Seepage is probably one of the most disturbing words I've ever heard. I'm pretty sure my milk churned in my tummy! 

Let us know how it goes today!


----------



## JustDressageIt (Oct 4, 2007)

I'm going to be taking the tapes off later this afternoon - I will take pictures for you, Tiff!!!

My first physio session went well. Since we don't know what the surgeon did, we took it really slow and easy. He banned me to crutches till I talk to my surgeon, he doesn't want to take any chances. We worked on basic ROM exercises, and he loosened up my calf and quad muscles.
He was able to get hold of the surgeon's diagram, and well... it didn't clear a lot up, unfortunately, other than showing areas that the surgeon wants to keep an eye on - which might mean going in again. 

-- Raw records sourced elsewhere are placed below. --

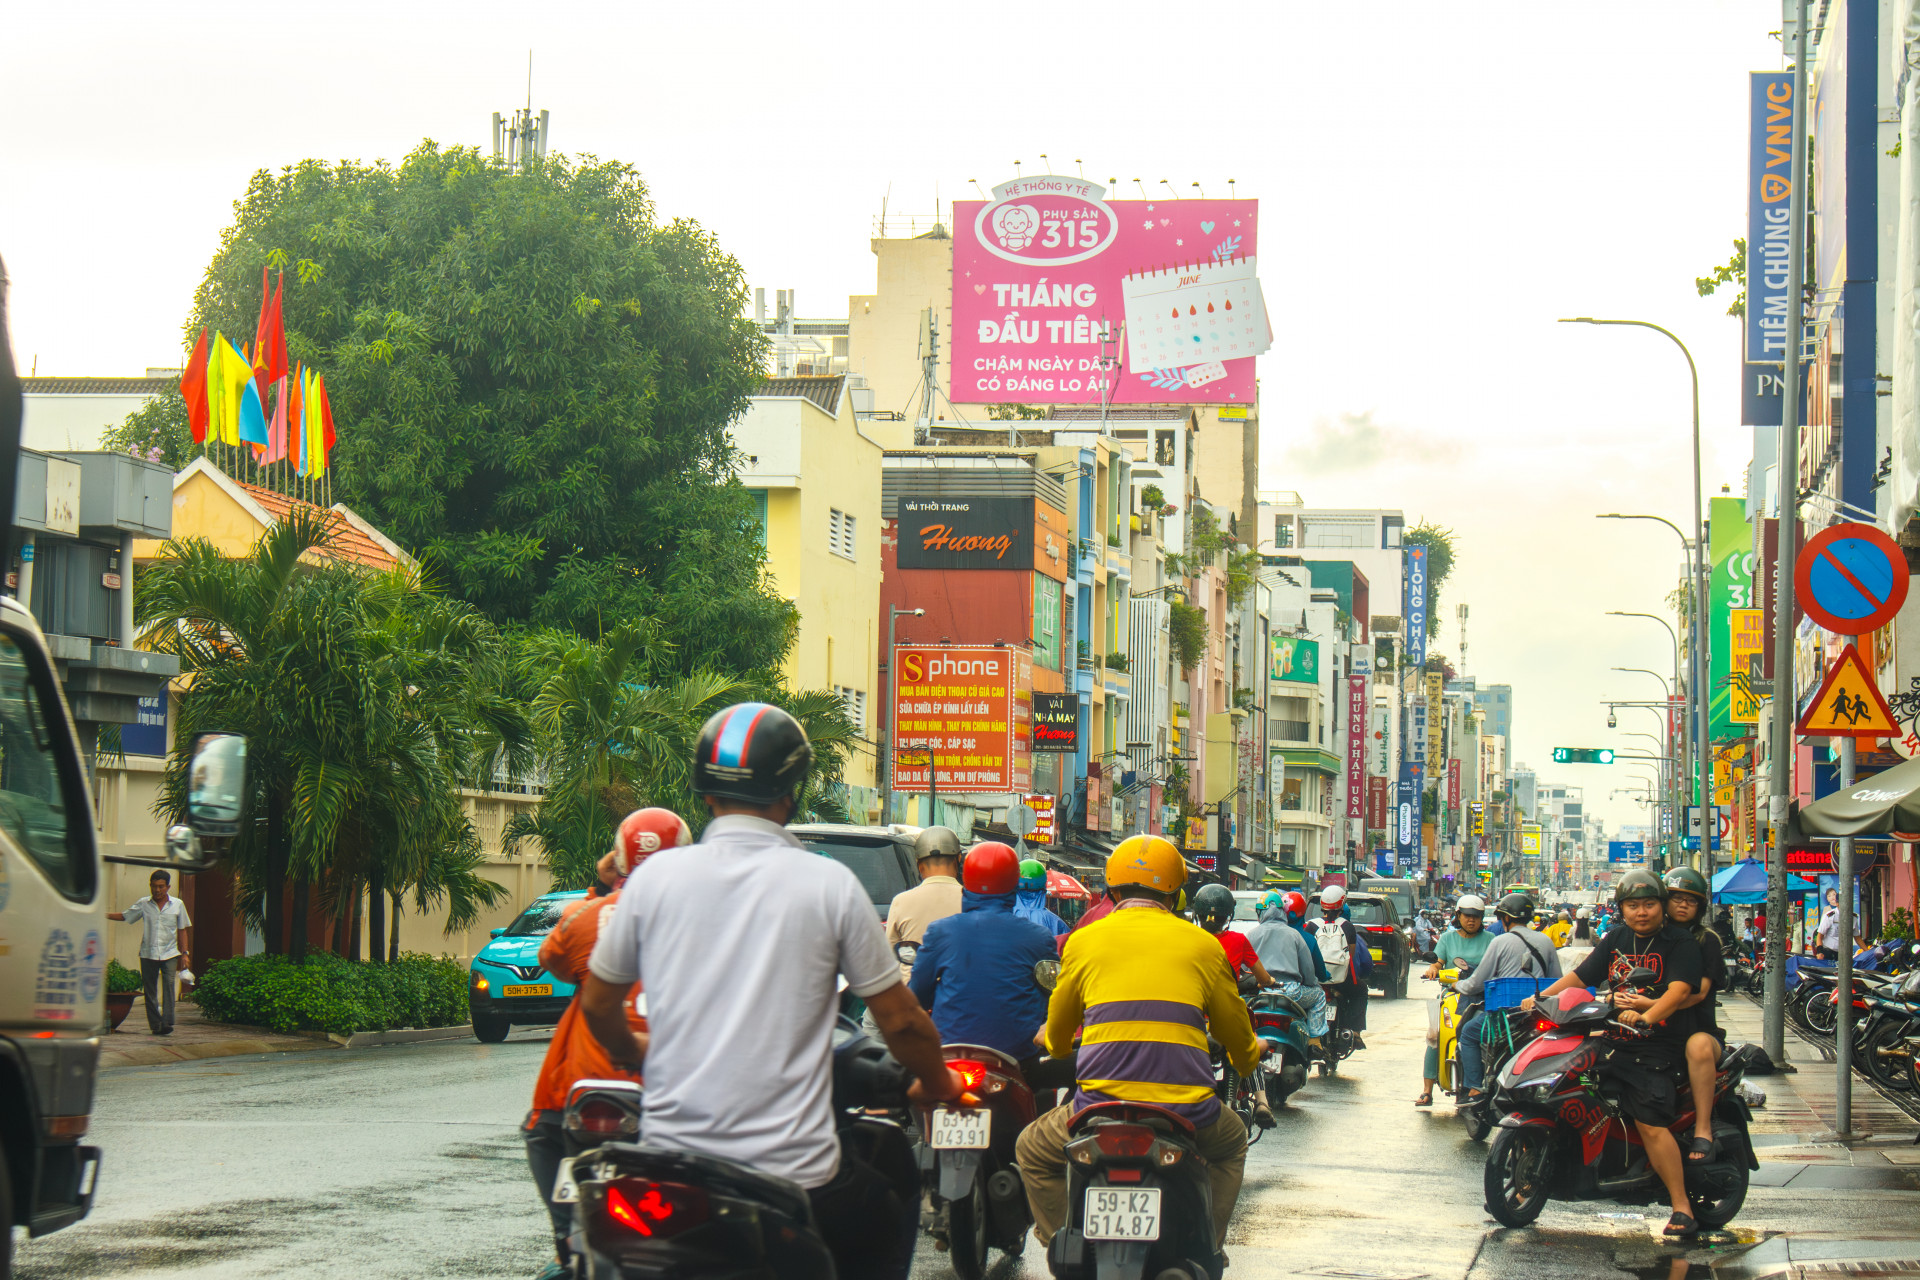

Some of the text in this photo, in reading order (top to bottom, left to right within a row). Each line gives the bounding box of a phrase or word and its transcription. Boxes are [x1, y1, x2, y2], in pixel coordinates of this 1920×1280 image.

[1766, 81, 1793, 168] VNVC
[1005, 179, 1091, 196] HỆ THỐNG Y TẾ
[1043, 207, 1098, 221] PHỤ SẢN
[1041, 220, 1098, 248] 315
[1177, 274, 1202, 289] JUNE
[1758, 207, 1790, 353] TIÊM CHỦNG
[993, 278, 1097, 308] THÁNG
[978, 311, 1110, 344] ĐẦU TIÊN
[974, 355, 1022, 374] CHẬM
[1028, 355, 1074, 371] NGÀY
[976, 375, 1110, 391] CÓ ĐÁNG LO ÂU
[1757, 374, 1785, 396] PN
[905, 500, 970, 511] VẢI THỜI TRANG
[919, 524, 1013, 560] Hương
[1411, 561, 1423, 665] LONG CHÂU
[903, 653, 999, 683] S phone
[899, 684, 1005, 699] MUA BÁN ĐIỆN THOẠI CŨ GIÁ CAO
[899, 699, 912, 714] SỬA
[933, 701, 942, 714] ÉP
[943, 701, 959, 714] KÍNH
[961, 721, 972, 732] PIN
[1056, 713, 1075, 723] MAY
[1034, 724, 1076, 744] Hương
[947, 736, 961, 749] CÁP
[962, 738, 976, 751] SẠC
[1351, 693, 1362, 815] HƯNG PHÁT USA
[1555, 748, 1566, 760] 21
[898, 771, 911, 782] BAO
[912, 771, 921, 782] DA
[953, 772, 966, 783] PIN
[967, 771, 978, 785] DỰ
[977, 769, 1001, 783] PHÒNG
[1401, 805, 1409, 842] Pharmacity
[1786, 850, 1832, 864] attana
[507, 986, 549, 995] 50H-375.79
[936, 1129, 986, 1146] 043.91
[1097, 1192, 1149, 1214] 59-K2
[1089, 1215, 1155, 1237] 514.87

Thought I'd update everyone! Suture tapes are coming off this afternoon!


----------



## my2geldings (Feb 18, 2008)

Woot! Let's see the incision!


----------



## FGRanch (Feb 9, 2008)

Okay Allie it's no longer afternoon...which means that the tape should be off. Lets see pictures.


----------



## my2geldings (Feb 18, 2008)

FehrGroundRanch said:


> Okay Allie it's no longer afternoon...which means that the tape should be off. Lets see pictures.

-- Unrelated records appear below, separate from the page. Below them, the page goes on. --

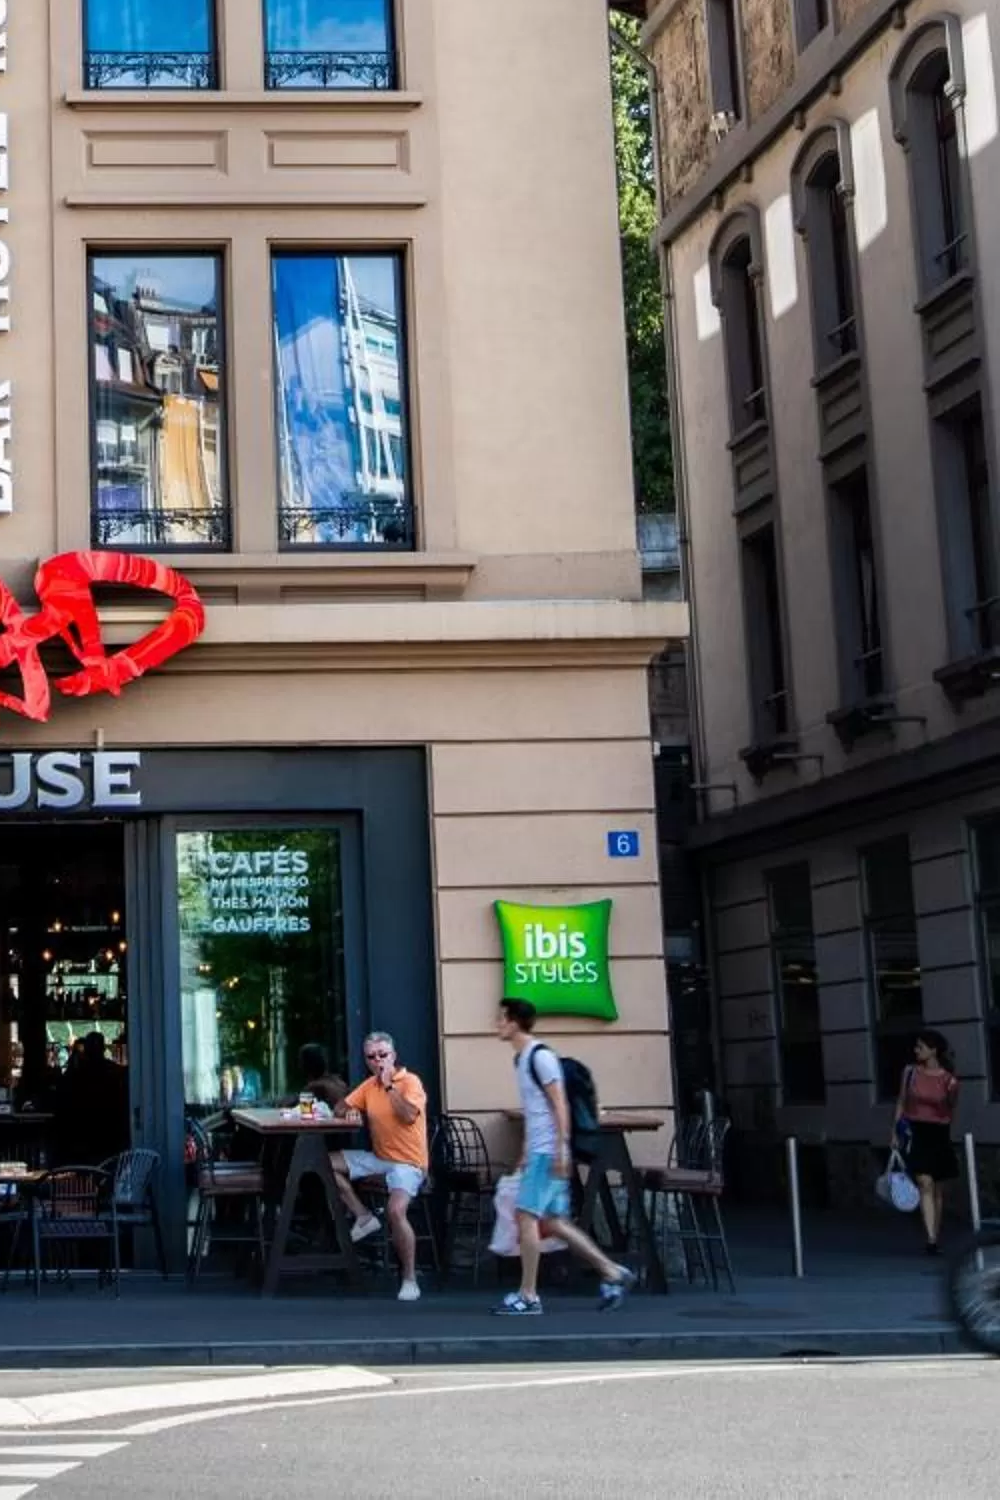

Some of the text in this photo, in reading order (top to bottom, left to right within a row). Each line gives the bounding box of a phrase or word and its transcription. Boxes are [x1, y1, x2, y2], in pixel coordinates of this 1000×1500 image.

[616, 833, 631, 855] 6
[208, 845, 310, 875] CAFÉS
[231, 876, 310, 888] NESPRESSO
[212, 915, 312, 933] GAUFFRES
[524, 923, 588, 960] ibis

I bet when she removed the tape, her leg fell off so she won't be able to "bounce" back to the computer ....


----------



## thunderhooves (Aug 9, 2009)

ewy ewy ewy! haha, sorry. hope it heals up all fine!


----------



## JustDressageIt (Oct 4, 2007)

LOL!! I have the photos, but there isn't much to see.. and Rich stole my card reader haha! I will find my other one!


----------



## Iluvjunior (Feb 15, 2009)

You better! Lol jk but we do want to see them


----------



## JustDressageIt (Oct 4, 2007)

Here you go!! The incision points are smaller than I thought they would be - woohoo minimal scarring!!  I don't like how bruised the area is, but that will heal. I'm still concerned about the amount of pain there is on the lateral (outside) of the knee, but that's ok, just something to talk about with my surgeon. 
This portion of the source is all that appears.